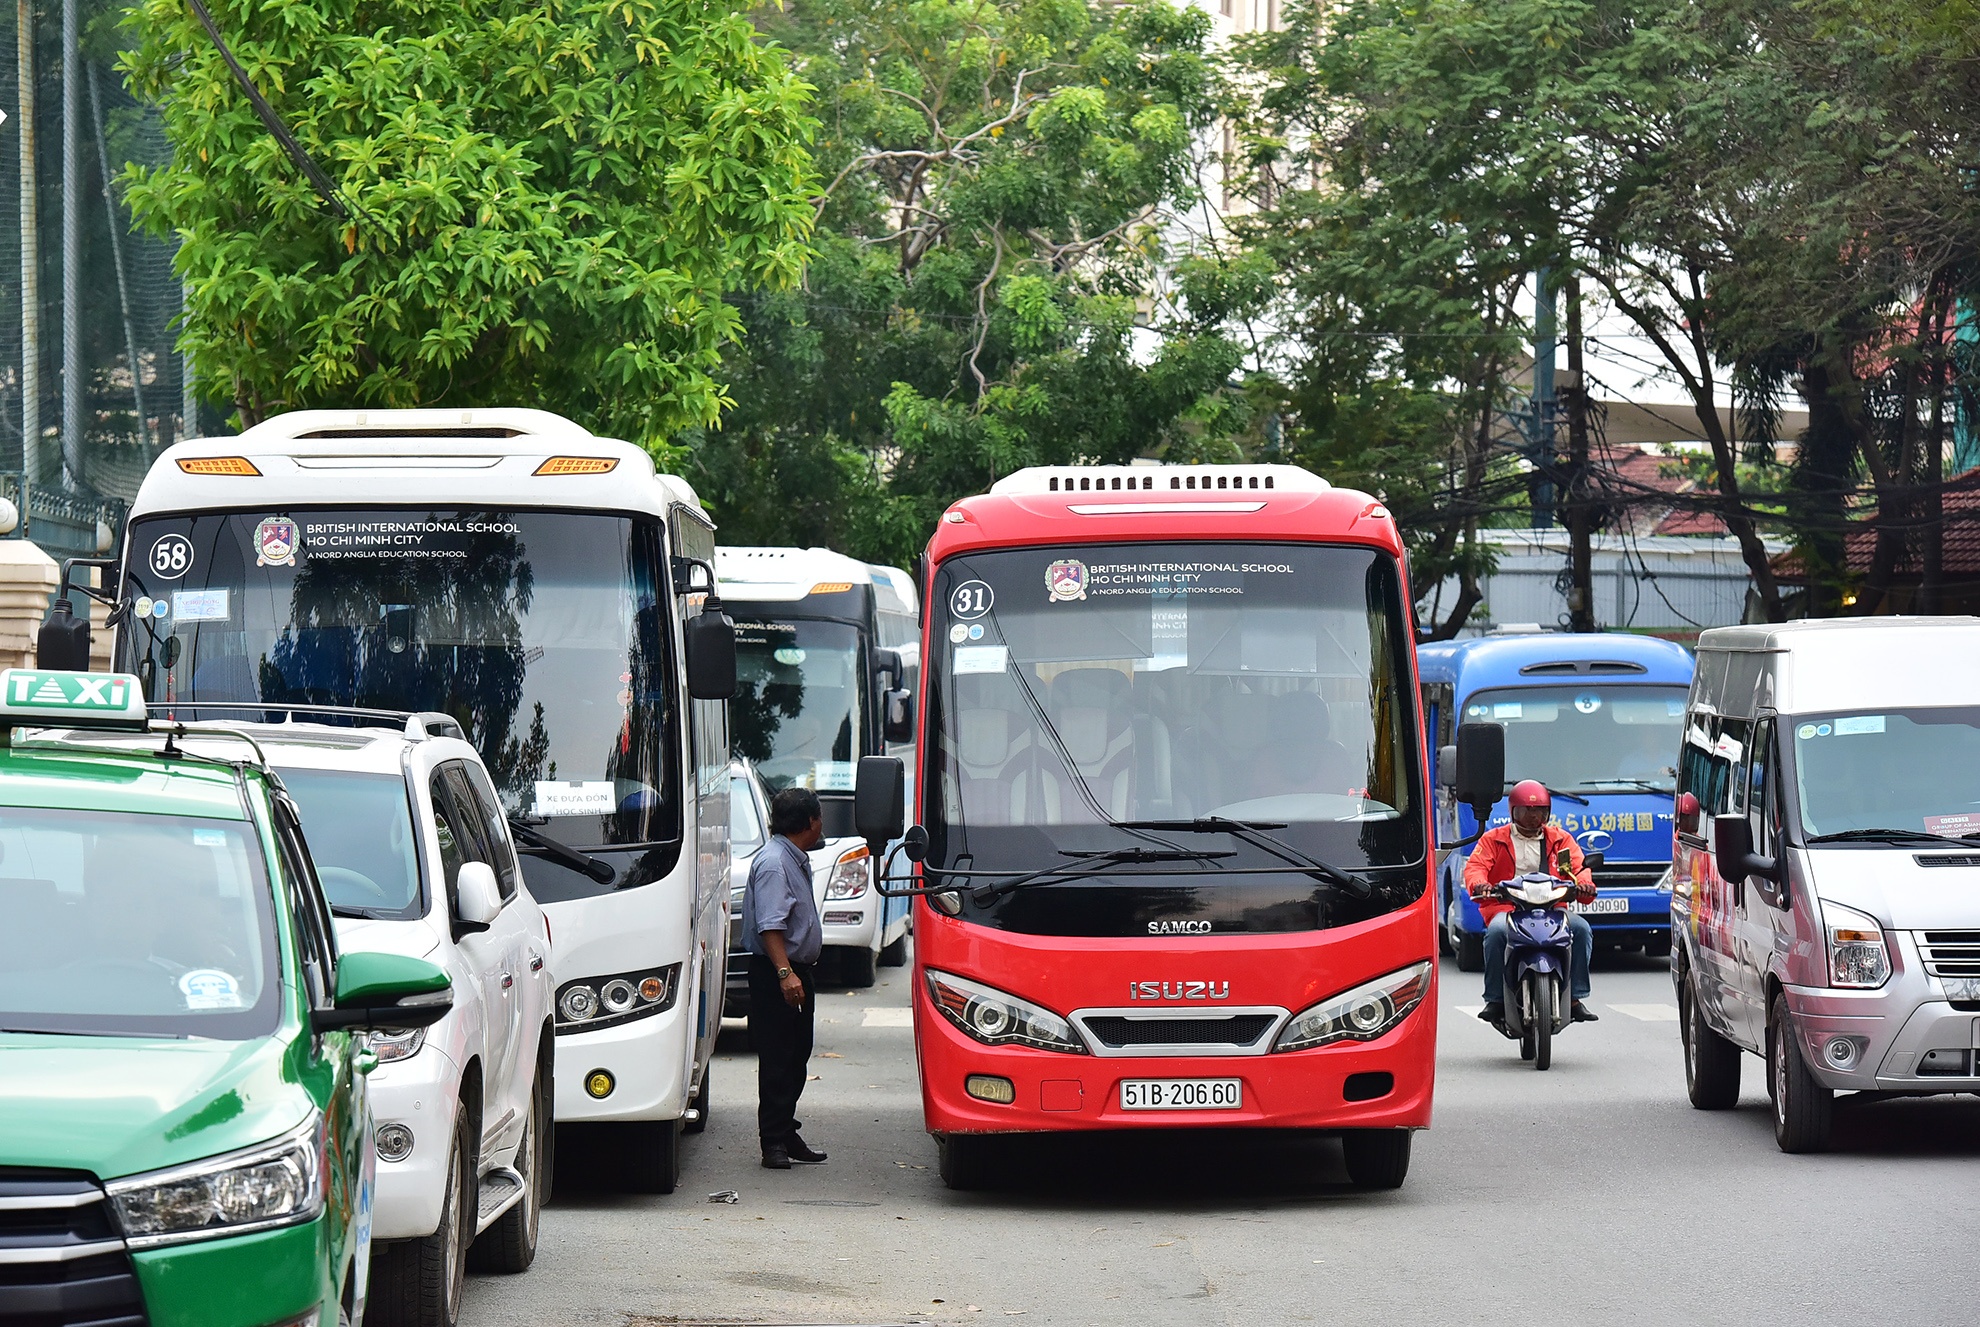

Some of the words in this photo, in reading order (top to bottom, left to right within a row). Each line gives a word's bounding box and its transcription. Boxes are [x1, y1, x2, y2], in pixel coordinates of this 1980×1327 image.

[306, 523, 357, 535] BRITISH
[357, 522, 464, 534] INTERNATIONAL
[465, 522, 521, 534] SCHOOL
[306, 535, 328, 547] HO
[329, 535, 352, 546] CHI
[355, 535, 391, 546] MINH
[393, 534, 424, 545] CITY
[155, 541, 187, 571] 58
[315, 551, 342, 559] NORD
[343, 551, 377, 559] ANGLIA
[377, 550, 430, 558] EDUCATION
[430, 550, 468, 558] SCHOOL
[1090, 564, 1137, 574] BRITISH
[1138, 563, 1239, 573] INTERNATIONAL
[1241, 563, 1294, 574] SCHOOL
[1090, 575, 1110, 585] HO
[1112, 574, 1134, 584] CHI
[1136, 574, 1171, 584] MINH
[1172, 573, 1201, 583] CITY
[1091, 588, 1099, 596] A
[1126, 587, 1157, 595] ANGLIA
[957, 587, 985, 613] 31
[766, 623, 797, 632] SCHOOL
[1582, 697, 1593, 709] 8
[546, 794, 559, 803] XE
[560, 794, 584, 803] ĐƯA
[578, 807, 602, 816] SINH
[1147, 920, 1212, 935] SAMCO
[1129, 981, 1230, 1000] ISUZU
[1125, 1083, 1238, 1106] 51B-206.60
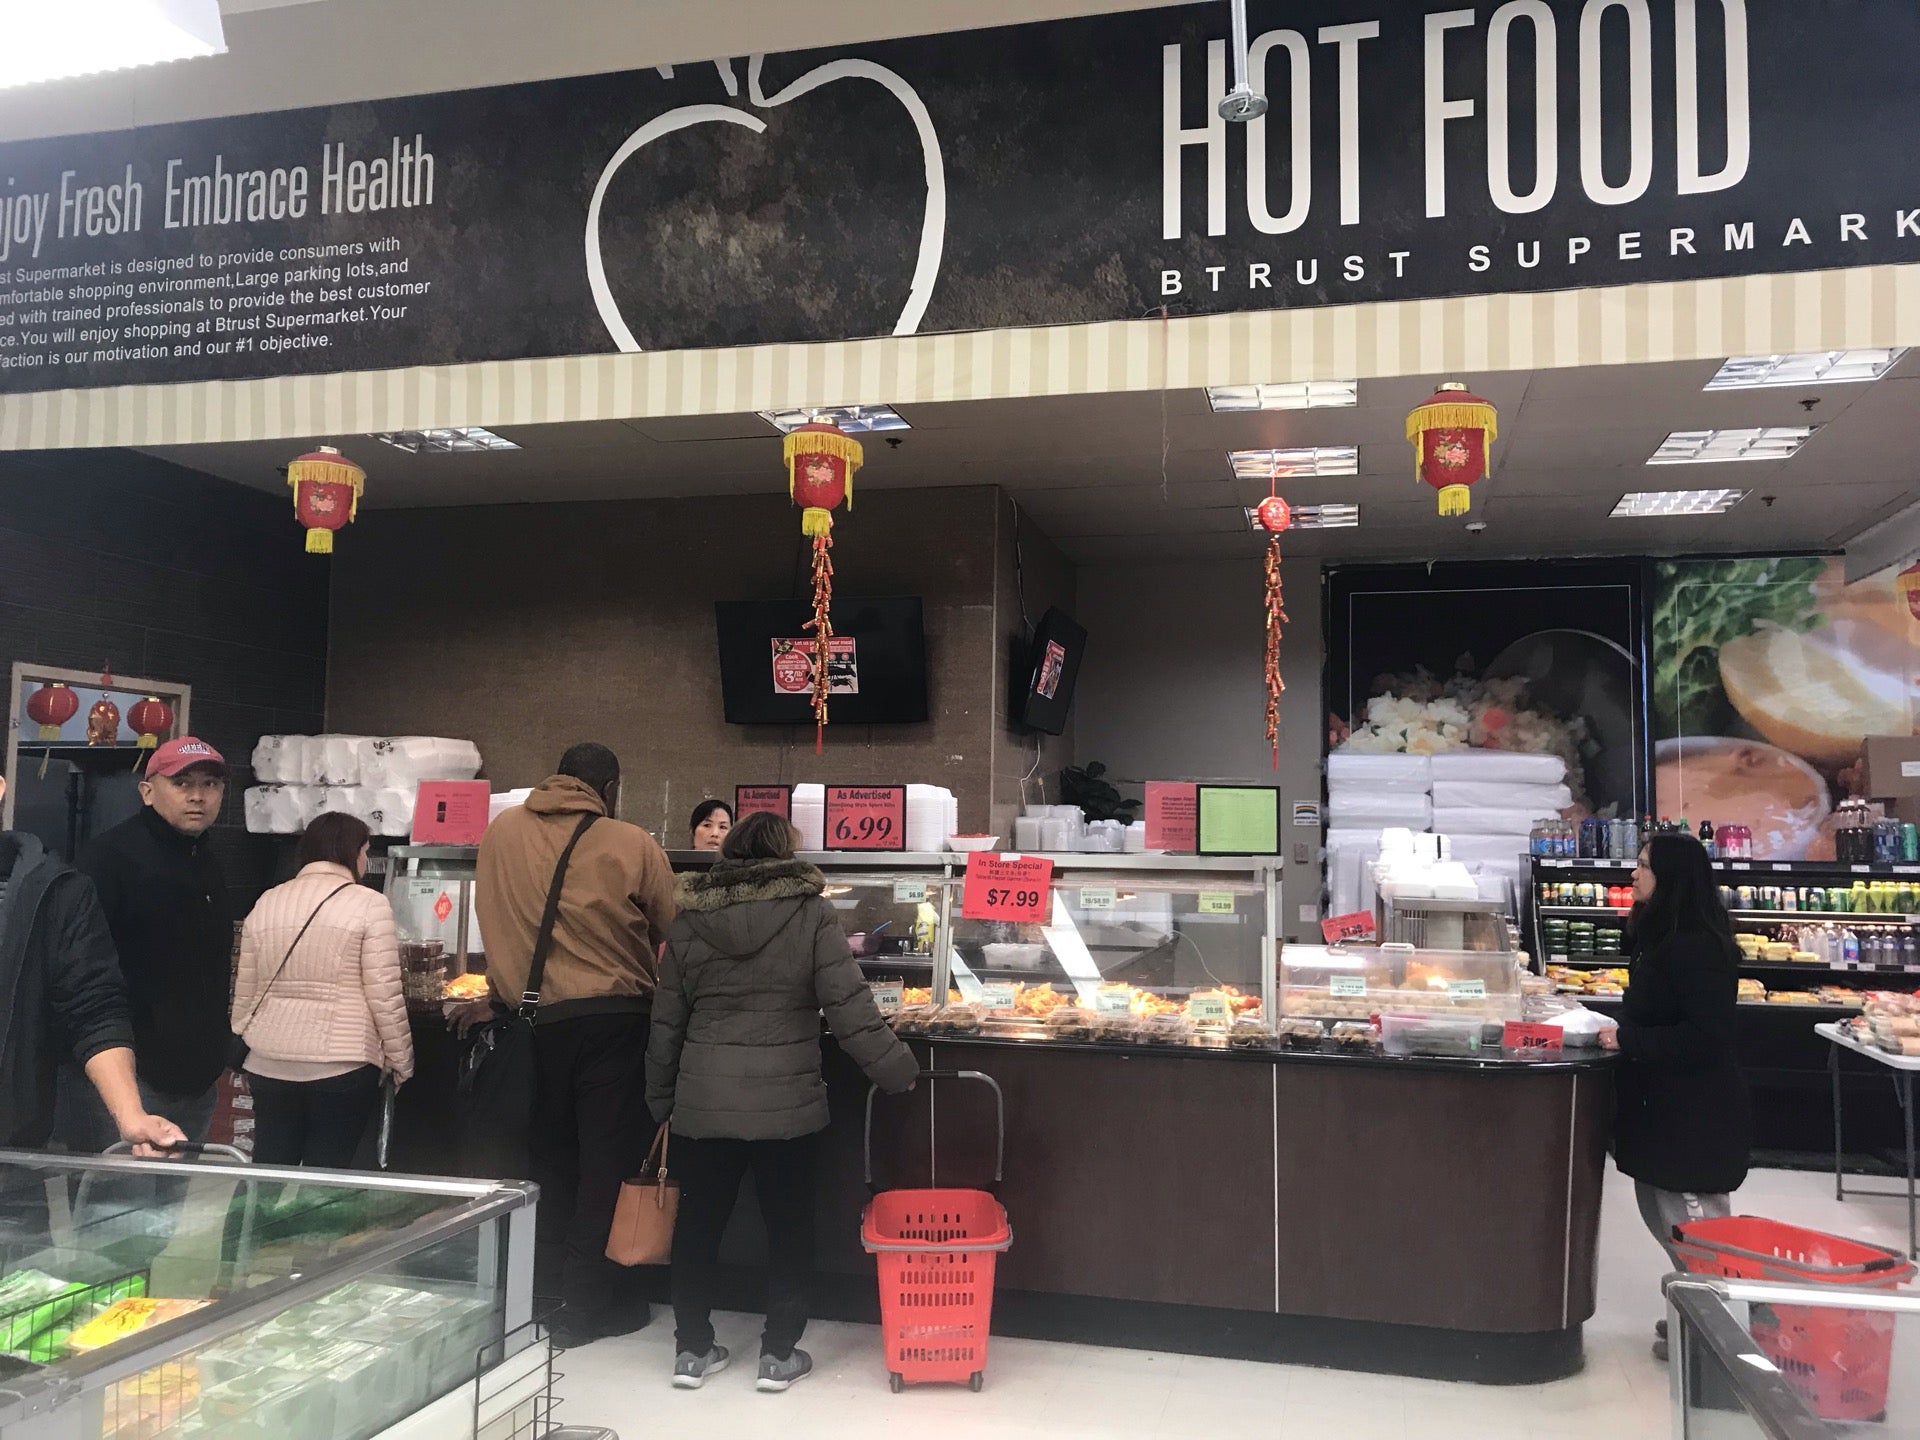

* * * * *

Reproduce all the entries that precede this task, word for word, minus any pictures.

▸ EXERCISE OUTPUT
Some of the words in this photo, in reading order (top to bottom, left to right within a row). Each line gives a word's bounding box and its transcription. Boxes are [x1, y1, x2, y2], in pixel coordinates of this 1980×1327 image.

[306, 523, 357, 535] BRITISH
[357, 522, 464, 534] INTERNATIONAL
[465, 522, 521, 534] SCHOOL
[306, 535, 328, 547] HO
[329, 535, 352, 546] CHI
[355, 535, 391, 546] MINH
[393, 534, 424, 545] CITY
[155, 541, 187, 571] 58
[315, 551, 342, 559] NORD
[343, 551, 377, 559] ANGLIA
[377, 550, 430, 558] EDUCATION
[430, 550, 468, 558] SCHOOL
[1090, 564, 1137, 574] BRITISH
[1138, 563, 1239, 573] INTERNATIONAL
[1241, 563, 1294, 574] SCHOOL
[1090, 575, 1110, 585] HO
[1112, 574, 1134, 584] CHI
[1136, 574, 1171, 584] MINH
[1172, 573, 1201, 583] CITY
[1091, 588, 1099, 596] A
[1126, 587, 1157, 595] ANGLIA
[957, 587, 985, 613] 31
[766, 623, 797, 632] SCHOOL
[1582, 697, 1593, 709] 8
[546, 794, 559, 803] XE
[560, 794, 584, 803] ĐƯA
[578, 807, 602, 816] SINH
[1147, 920, 1212, 935] SAMCO
[1129, 981, 1230, 1000] ISUZU
[1125, 1083, 1238, 1106] 51B-206.60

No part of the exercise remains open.